[Stored data Boundary: Start]
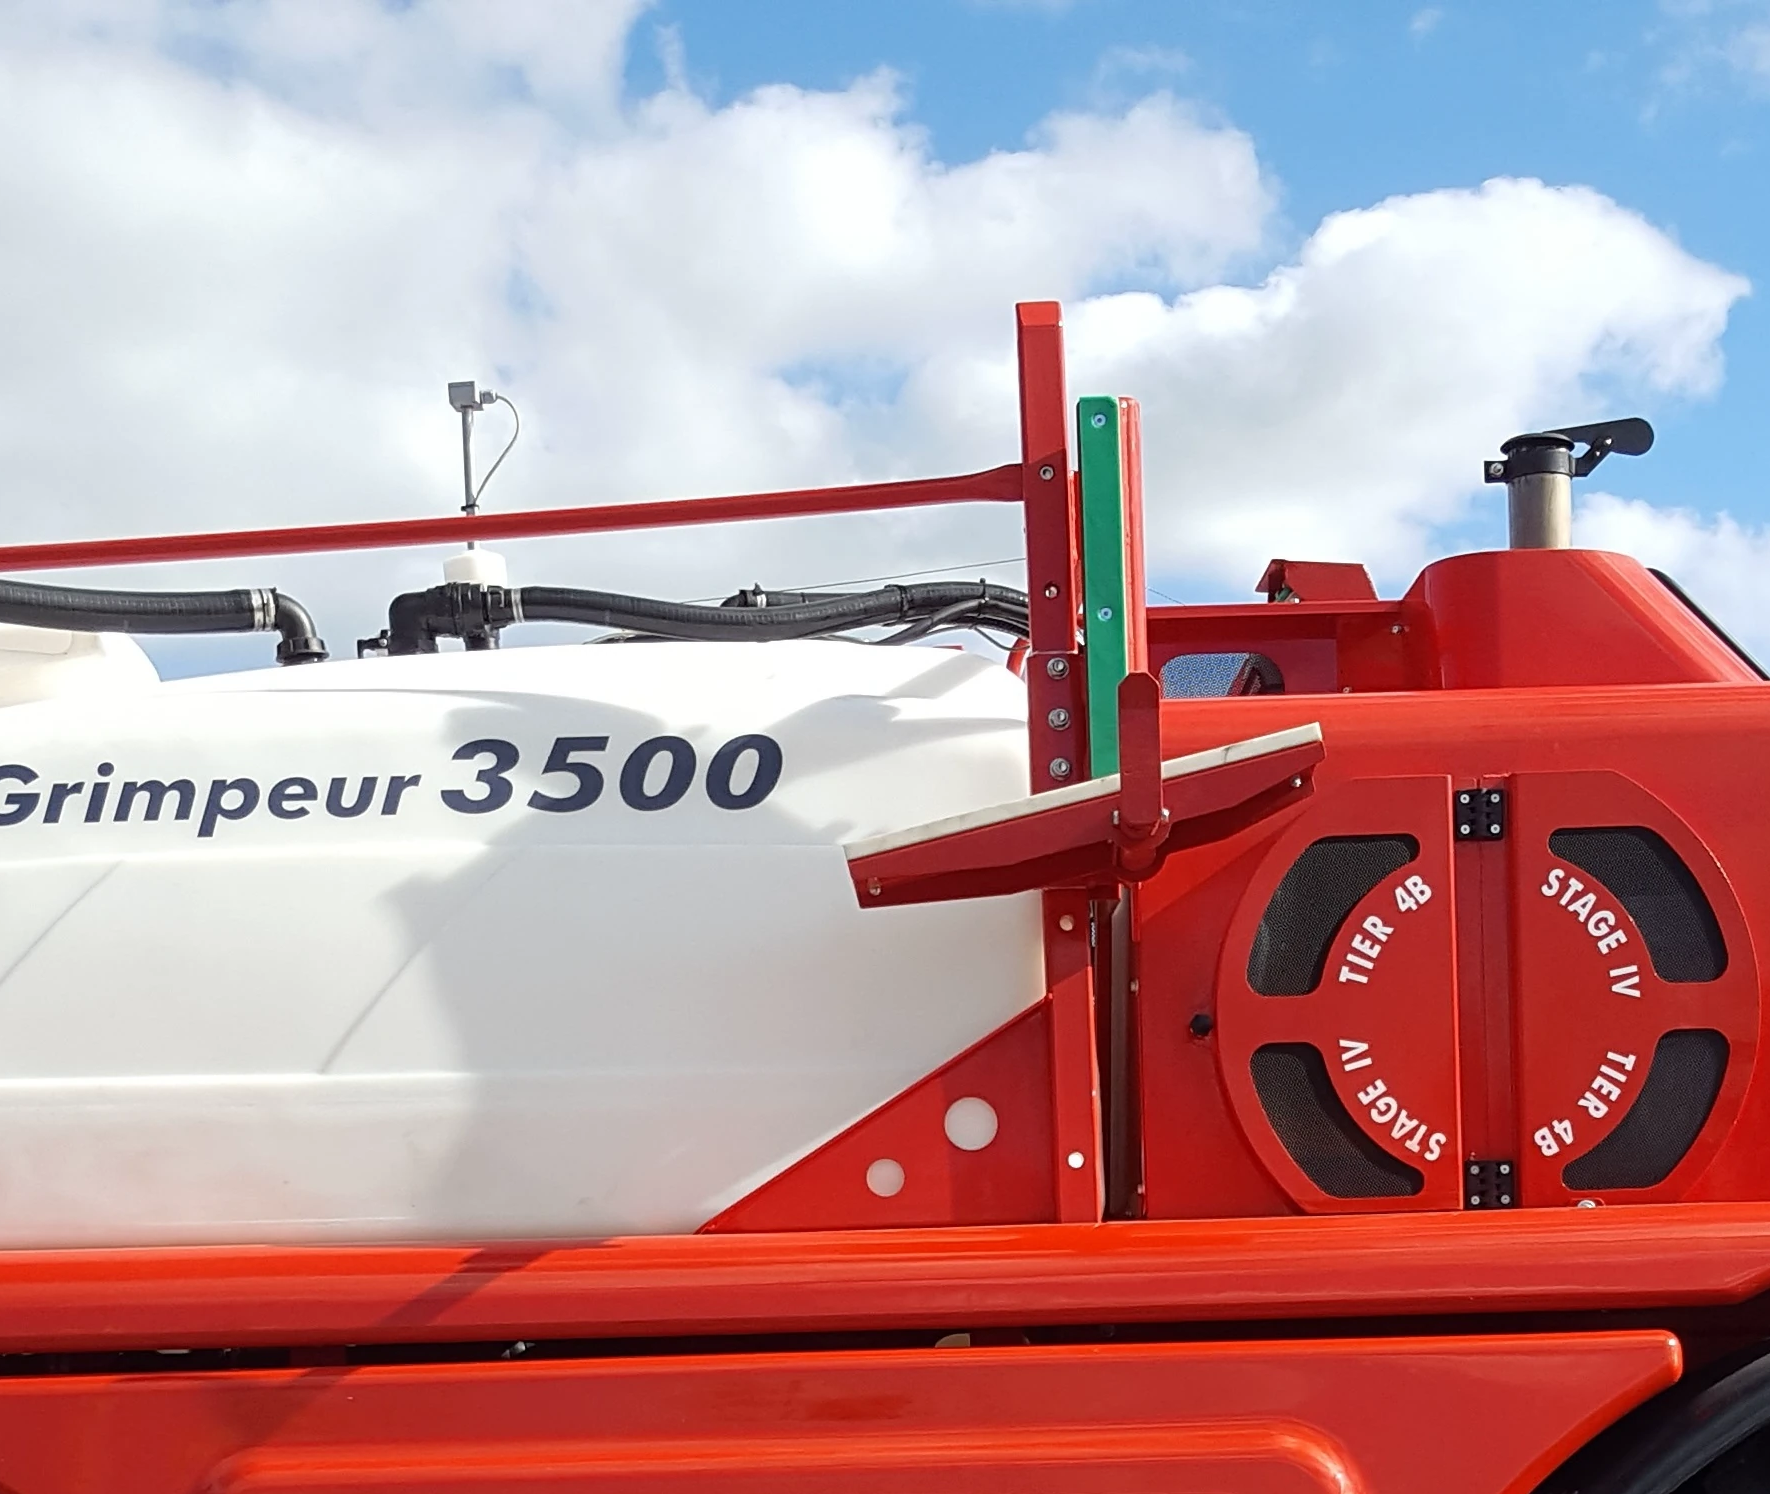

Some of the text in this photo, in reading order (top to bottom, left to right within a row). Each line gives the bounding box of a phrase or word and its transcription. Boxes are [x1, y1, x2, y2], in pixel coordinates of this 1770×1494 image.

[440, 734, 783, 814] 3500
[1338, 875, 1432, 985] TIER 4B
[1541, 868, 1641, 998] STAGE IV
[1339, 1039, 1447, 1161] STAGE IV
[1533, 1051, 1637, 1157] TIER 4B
[Stored data Boundary: End]
* Brief *
Without altering anything, output all the lines above but none of the images.

* Reply *
Some of the text in this photo, in reading order (top to bottom, left to right within a row). Each line gives the bounding box of a phrase or word and its transcription. Boxes are [x1, y1, x2, y2], in pixel coordinates of this 1770×1494 image.

[440, 734, 783, 814] 3500
[1338, 875, 1432, 985] TIER 4B
[1541, 868, 1641, 998] STAGE IV
[1339, 1039, 1447, 1161] STAGE IV
[1533, 1051, 1637, 1157] TIER 4B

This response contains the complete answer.